Oyewale Ariyibi, the Chief Financial Officer of the Company, was quoted as saying “the divestment is in line with the Group’s medium to long term strategic objectives. The divestment has unlocked significant value embedded in the former subsidiary which is being leveraged to strengthen the core banking business for which the Group is renowned“.

Ariyibi further stated that the Company’s objective is to increase capital across the Group in order to drive business growth, enhance efficiency and improve overall shareholders’ value.

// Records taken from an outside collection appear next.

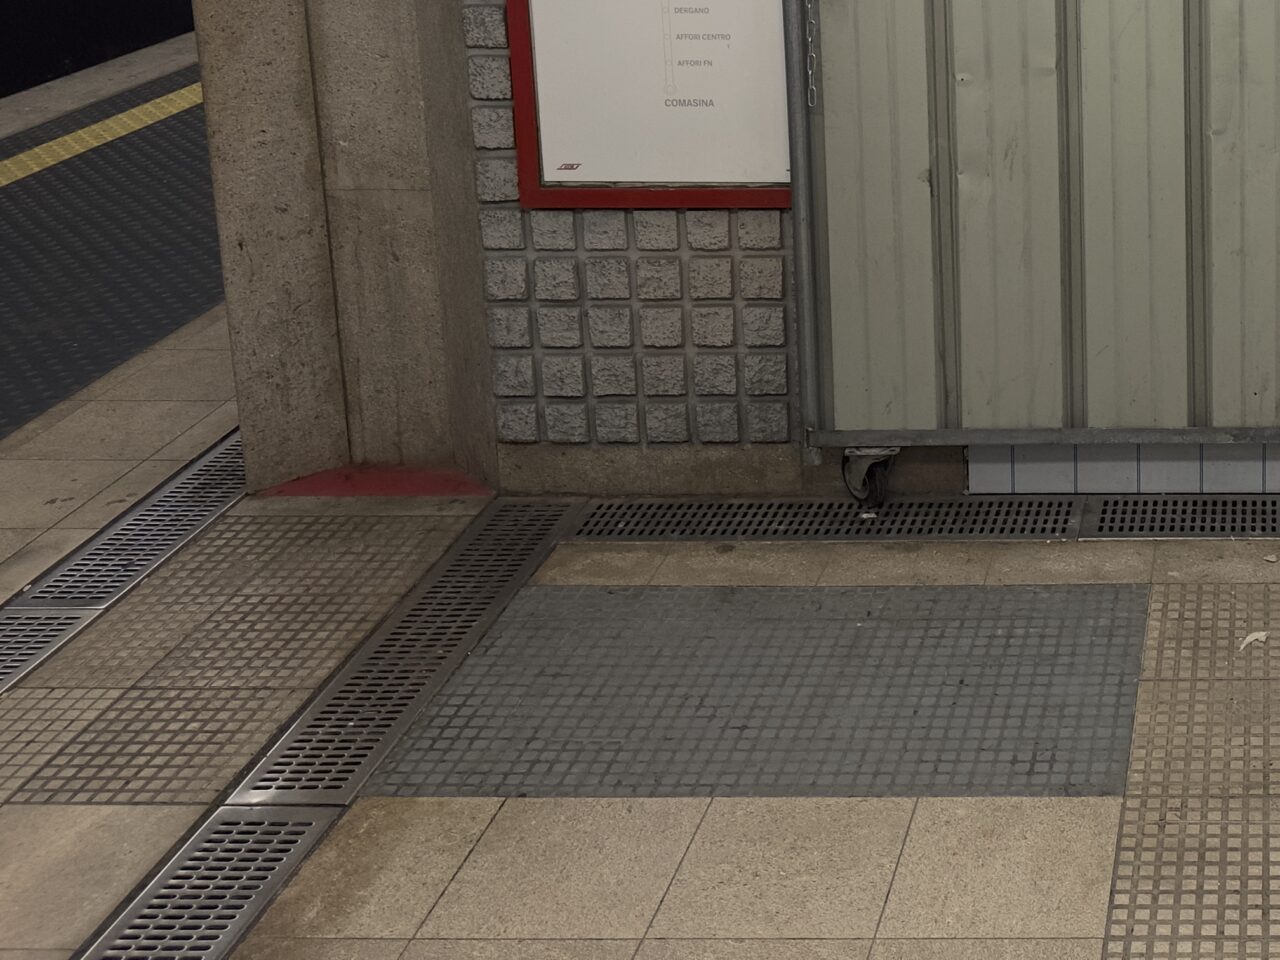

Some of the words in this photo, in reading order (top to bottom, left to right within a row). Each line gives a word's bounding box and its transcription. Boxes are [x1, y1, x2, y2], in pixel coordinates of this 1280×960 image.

[674, 7, 709, 15] DERGANO
[676, 33, 700, 41] AFFORI
[702, 33, 731, 41] CENTRO
[677, 59, 702, 67] AFFORI
[703, 59, 713, 67] FN
[664, 98, 714, 108] COMASINA
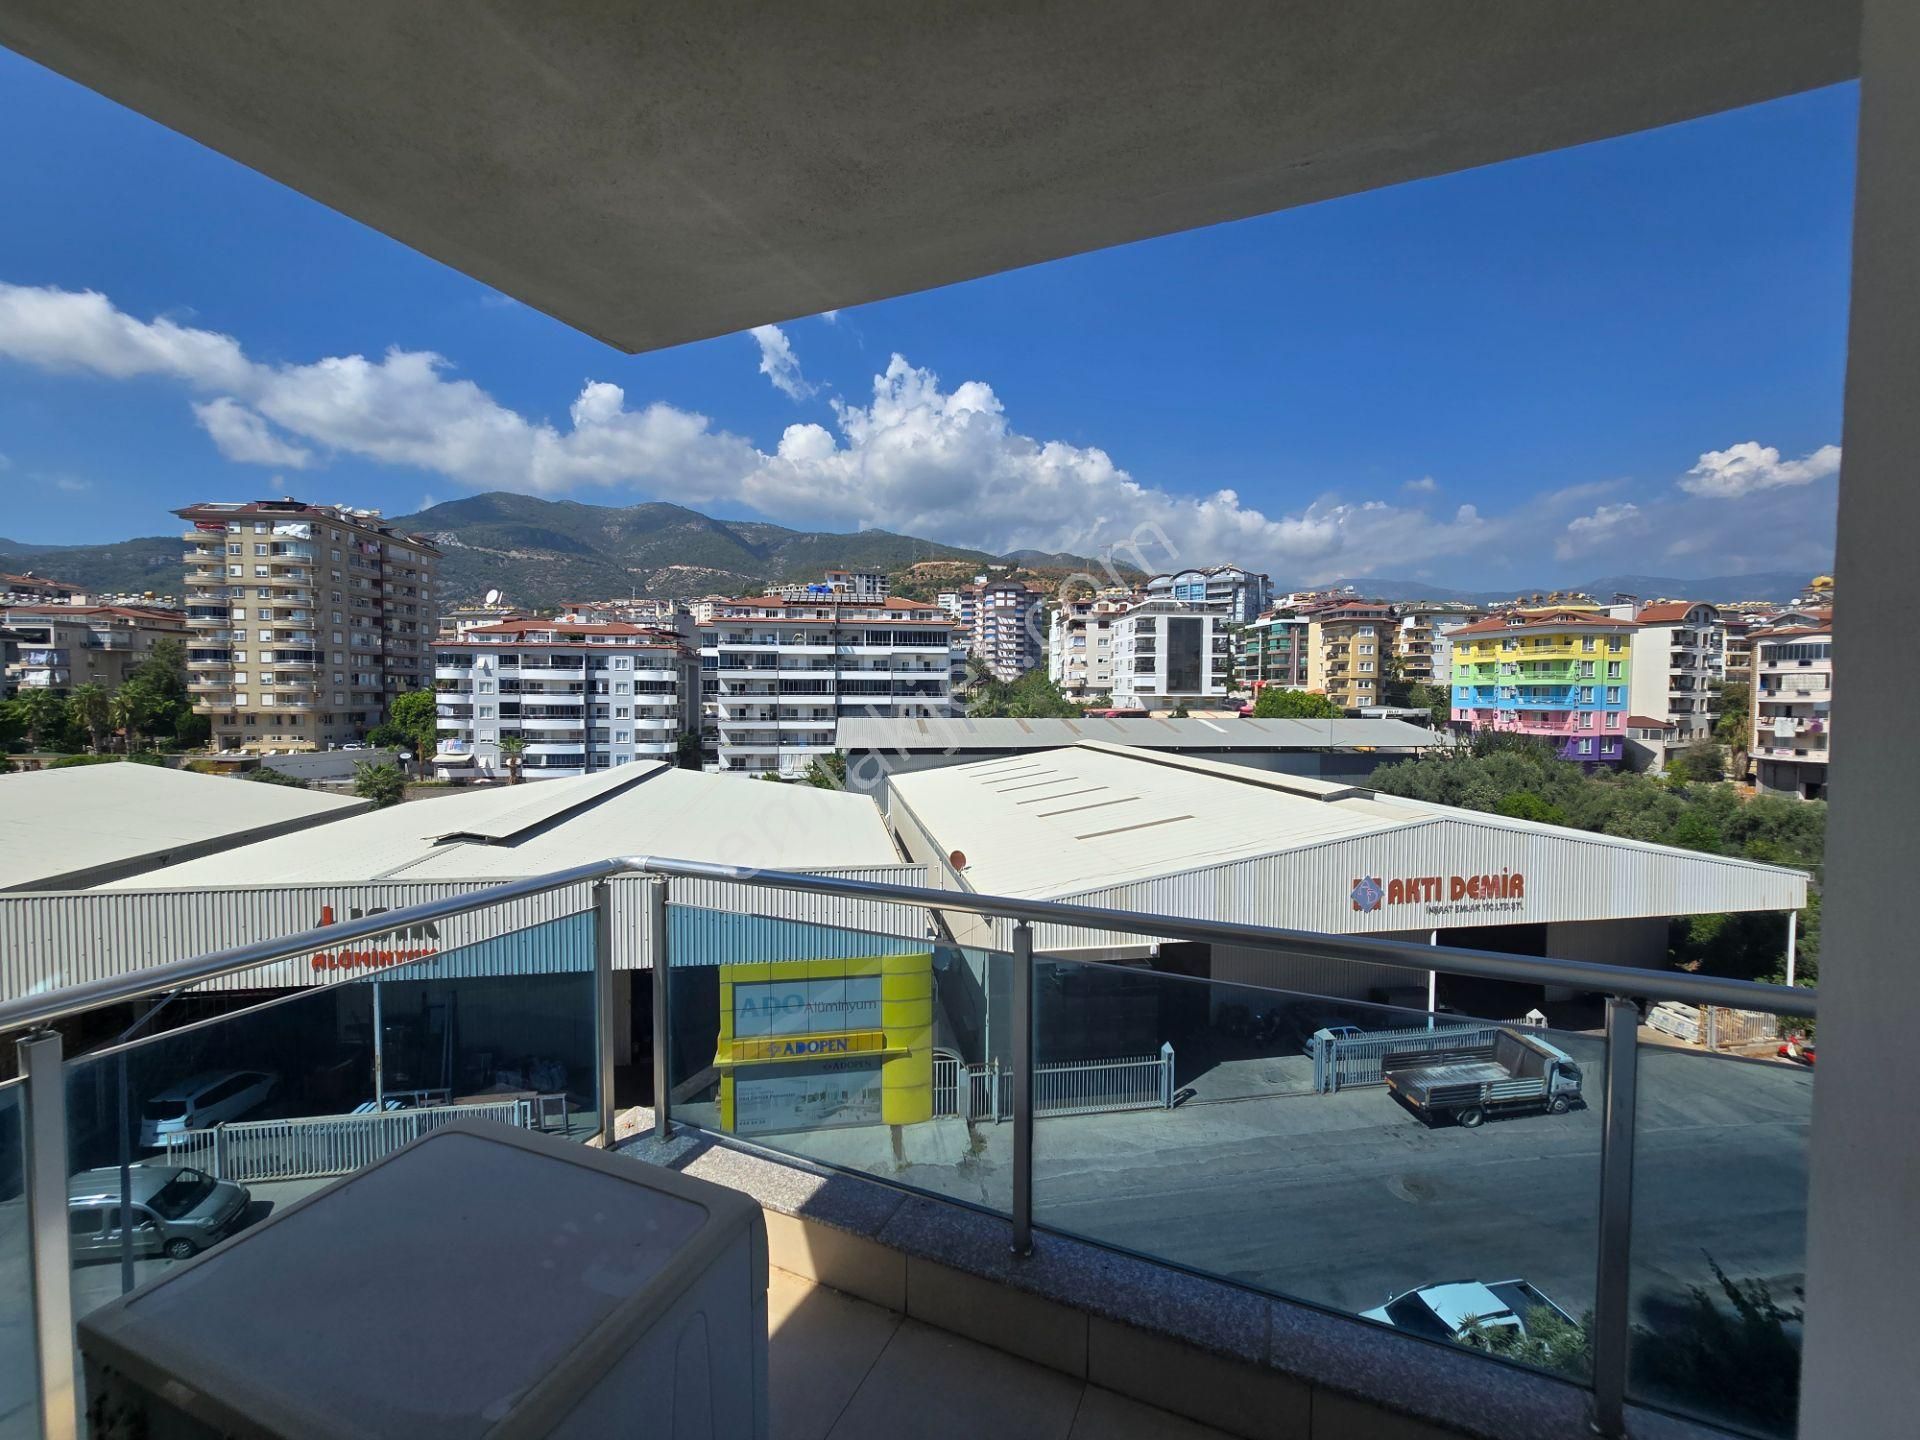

Uk Eke, the Group Managing Director, who commented on the company’s performance for the first half of 2020 said “The H1 2020 financial results are impressive and reconfirm our consistent focus on enhanced shareholder value. Despite the difficult operating environment, the results demonstrate our capacity to deliver exceptional services to our customers in these uncertain times. Looking ahead, we remain cautious, but confident that our business is fundamentally strong to surmount any future challenge towards delivering superior financial performance“.